Are Nokia and Microsoft getting ready to announce a Windows Phone 7 alliance? That’s certainly been the buzz-even before a German bank analyst, in a Jan. 31 letter, encouraged the companies to port Microsoft’s mobile software onto Nokia smartphones.
Berenberg Bank analyst Adnaan Ahmad’s letter, addressed rather familiarly to “Stephen (Nokia CEO) and Steve (Microsoft CEO),” detailed how such an arrangement would benefit both companies: “You get access to their WP7 intellectual property (IPR) scot-free and access to the U.S. market where your share has dived to the low single-digit level, and in doing [so] cut your bloated handset business R&D budget.”
That letter followed Nokia CEO Stephen Elop’s Jan. 27 earnings-call statement that Nokia “must build, catalyze or join a competitive ecosystem.”
Nokia is hosting an event Feb. 11 apparently to reveal its strategy. “We [are] very clearly ensuring that it will give us the opportunity to reopen markets such as the U.S. and some others,” Elop added, “where we have not recently been present.”
Microsoft already has a software partnership with Nokia extending back to August 2009, when the two companies announced that mobile versions of Microsoft Office would come preloaded on Nokia smartphones. At that time, Nokia also began work on optimizing Microsoft Exchange ActiveSync for its devices, allowing for more streamlined access to e-mail and personal information.
Even as Microsoft and Nokia collaborated on that front-and continued to compete via their respective smartphone platforms-a changeover in the companies’ executive suites threatened to spin the relationship in unexpected ways. In September 2010, Microsoft Business Division president Stephen Elop stepped down to take Nokia’s reins.
That sparked a new question: Would Elop, in his new role, attempt to deepen the partnership between the two companies, or would he use his knowledge of Redmond’s inner workings to heighten competition? Elop had been hired as a change agent within Nokia, even as research firm IDC predicted that the company’s share of the mobile market would continue to dip through 2014.
According to one analyst, a Nokia and Microsoft alliance over Windows Phone 7 offers some advantages.
“The hardware competition is fierce, and companies like Samsung and LG [Electronics] have made enormous gains on the device side by being agnostic and opportunistic,” Al Hilwa, an analyst with IDC, wrote in a Dec. 20 e-mail to eWEEK. Nokia’s quest to “leverage smartphone device economics,” he added, will eventually mean “coming to terms with Android and Windows Phone 7.”
Should Nokia choose an “agnostic and opportunistic” operating system, Elop’s history with Microsoft could potentially give Nokia an advantage. “I would say that [Windows Phone 7] has a much greater alignment with Nokia’s intellectual property DNA than [does] Android,” Hilwa wrote. “I believe an alignment between these two vendors is a win-win in the industry.”

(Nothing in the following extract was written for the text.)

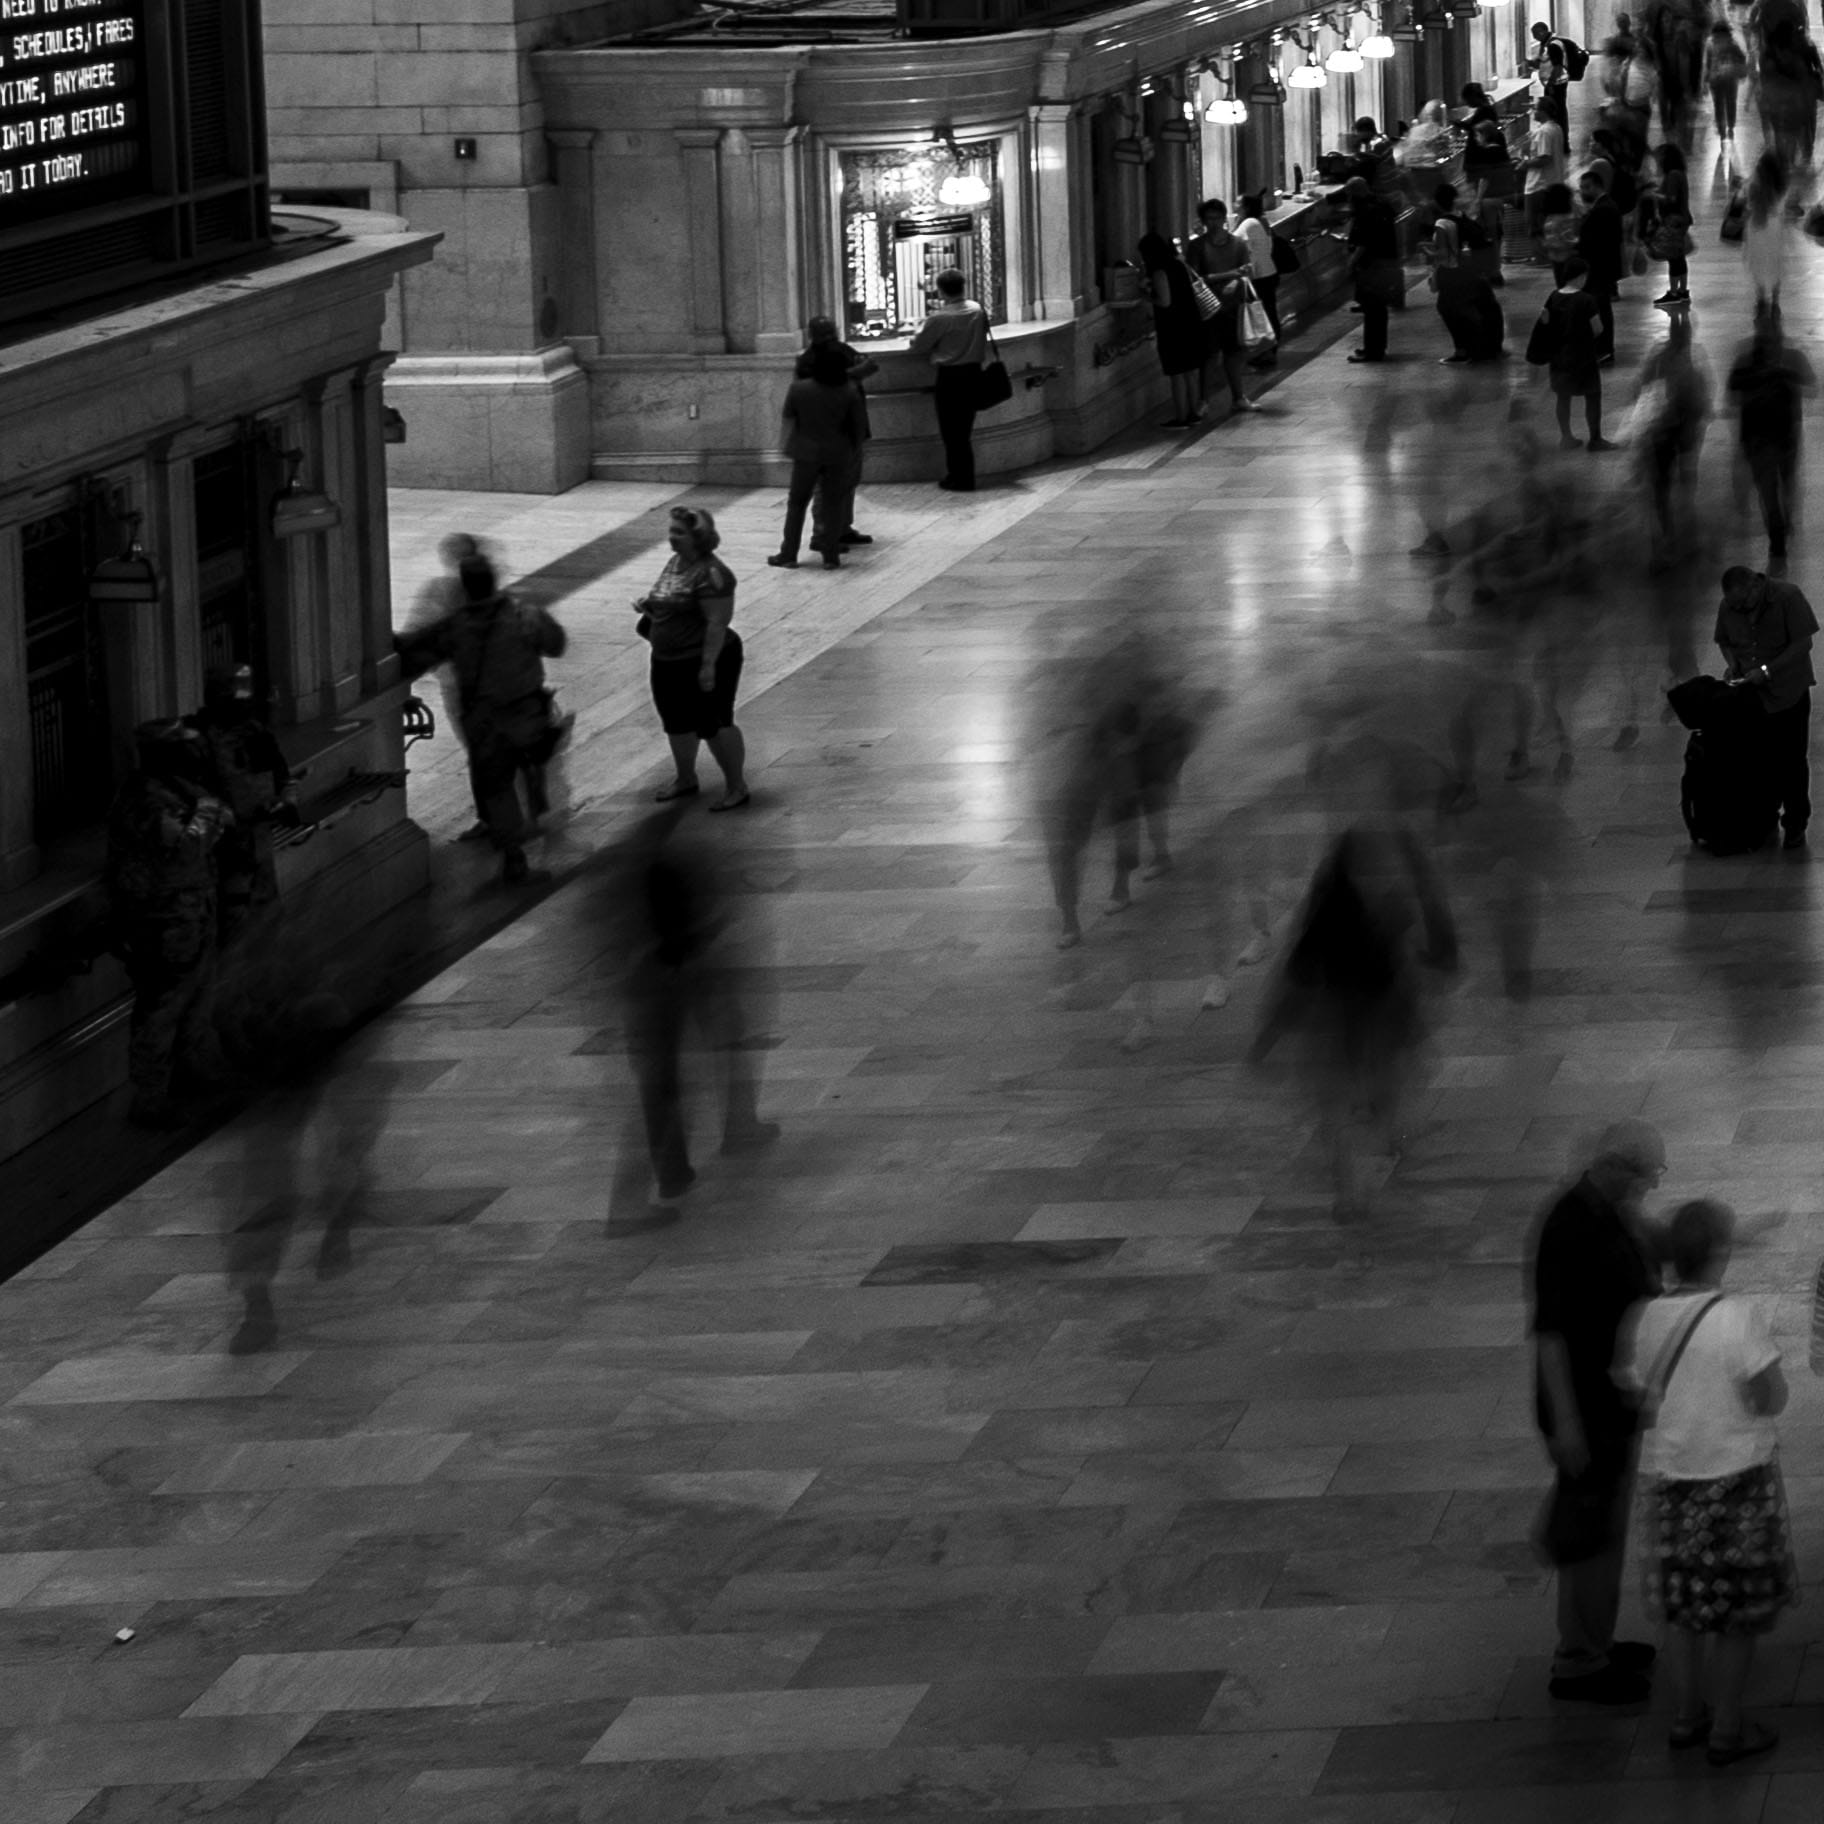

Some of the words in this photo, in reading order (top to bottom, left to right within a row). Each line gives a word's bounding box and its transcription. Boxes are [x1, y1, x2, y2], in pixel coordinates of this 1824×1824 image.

Other analysts see the potential benefits as minimal.
“For the reasons Nokia has always suffered, Microsoft has suffered too,” Pierre Ferragu, senior analyst at Bernstein Research, told the International Business Times Feb. 4. “Desktop operating systems don’t translate to the phone.”

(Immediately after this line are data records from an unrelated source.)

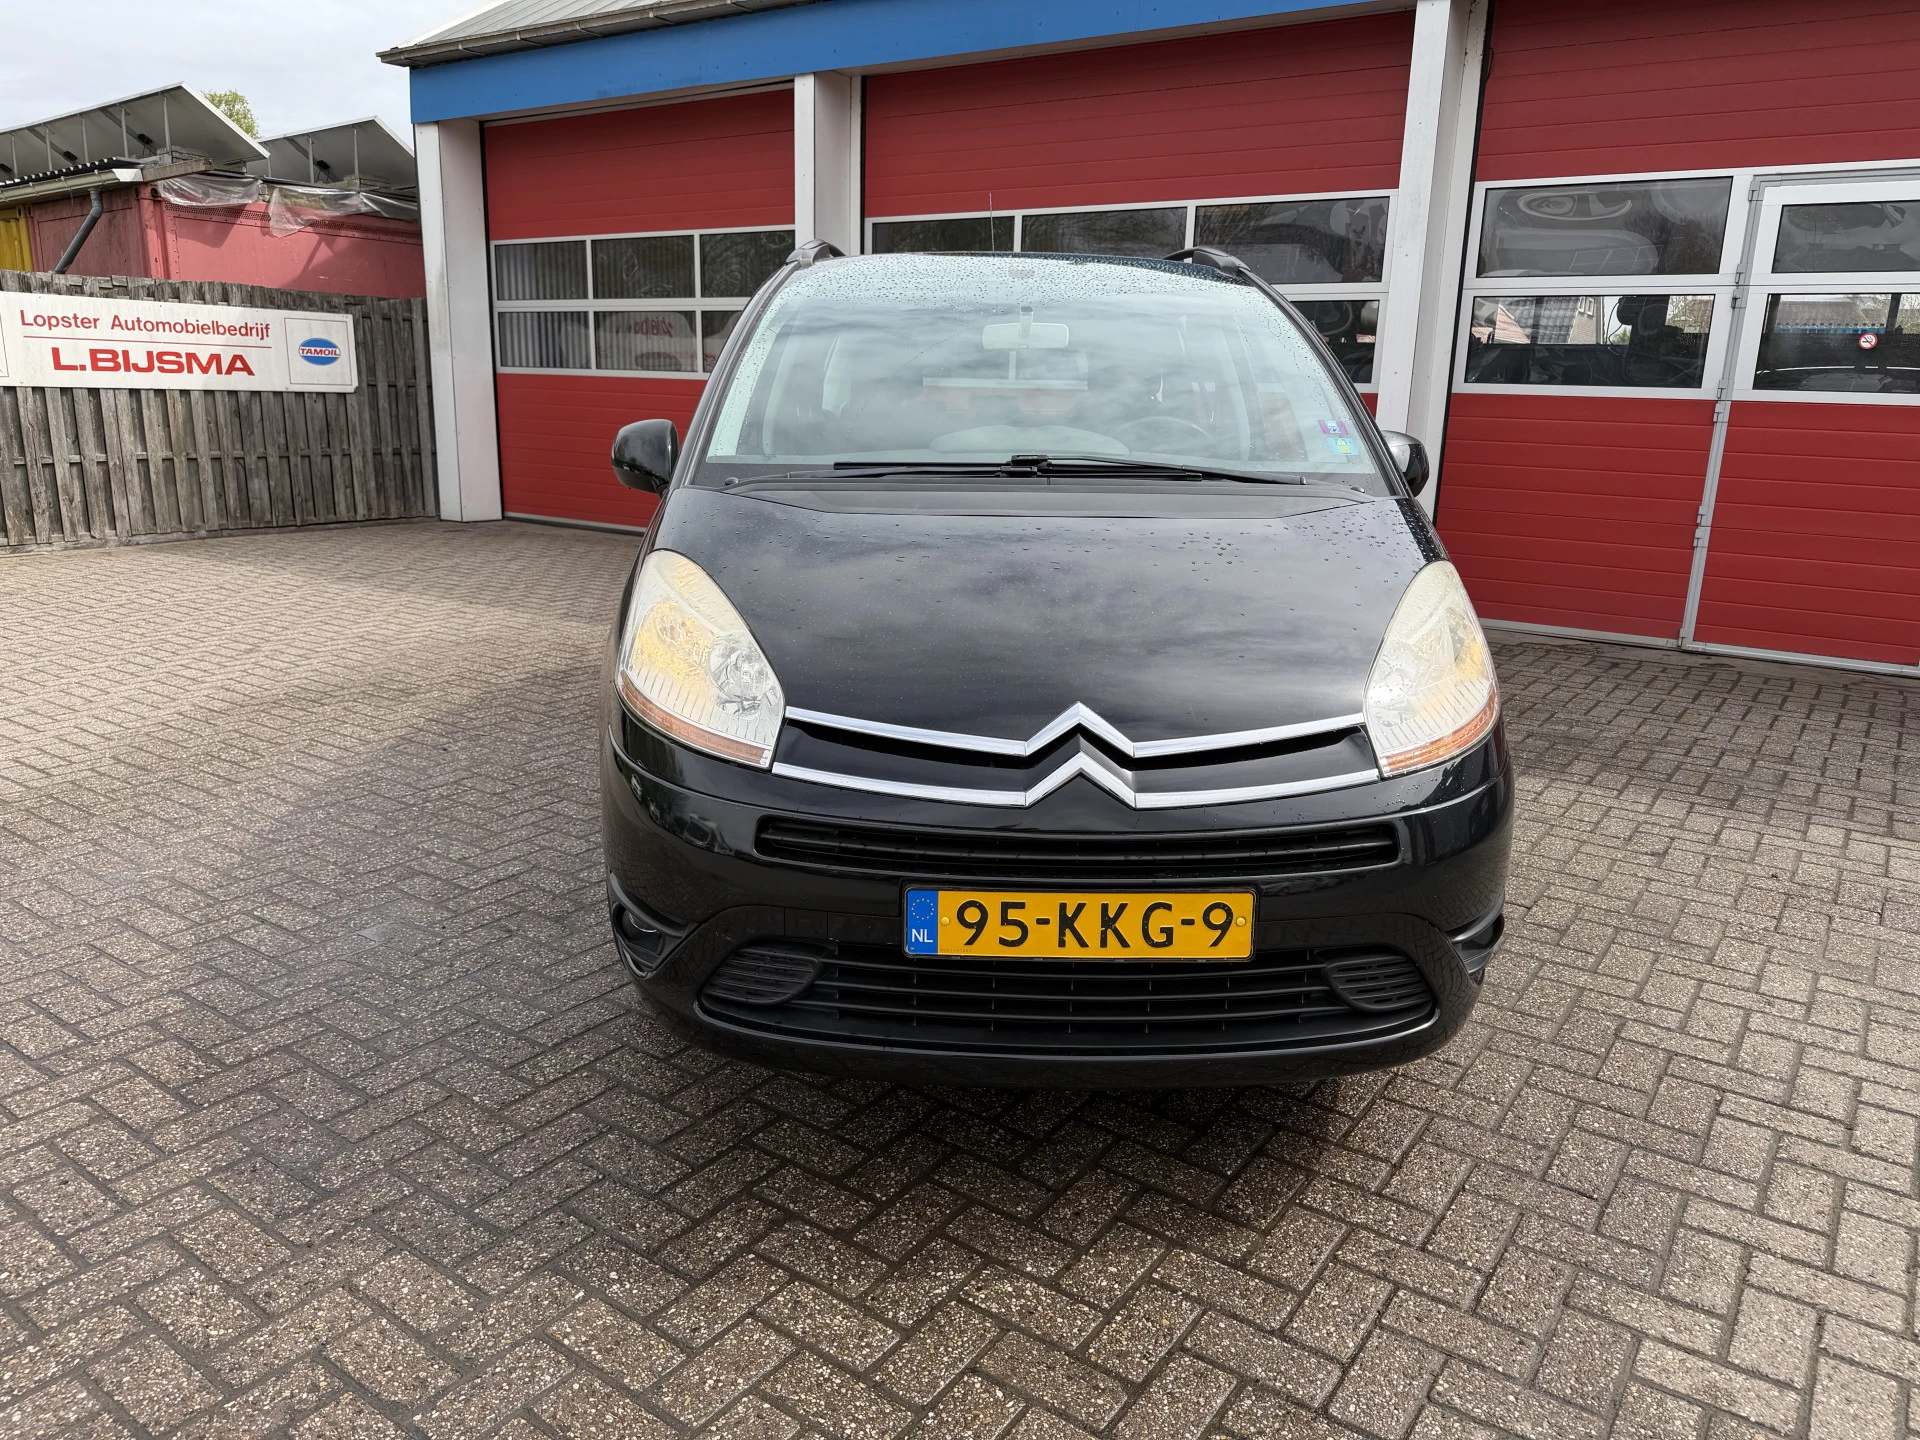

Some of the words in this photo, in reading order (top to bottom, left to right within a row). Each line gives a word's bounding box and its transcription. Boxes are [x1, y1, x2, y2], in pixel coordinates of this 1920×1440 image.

[20, 309, 99, 330] Lopster
[111, 315, 270, 340] Automobielbedrijf
[51, 347, 255, 376] L.BIJSMA
[301, 348, 339, 356] TAMOIL
[911, 928, 934, 943] NL
[956, 900, 1234, 948] 95-KKG-9

Whatever Nokia’s eventual decision, it will likely have a significant effect on the company’s fortunes moving forward. Both Nokia and Microsoft find themselves battling in the smartphone market against the growing family of Google Android devices and Apple’s iPhone, which have proven themselves to be fierce competitors. Microsoft’s Windows Phone 7, introduced in the U.S. in November, is intended to help reverse the company’s eroding share of that market.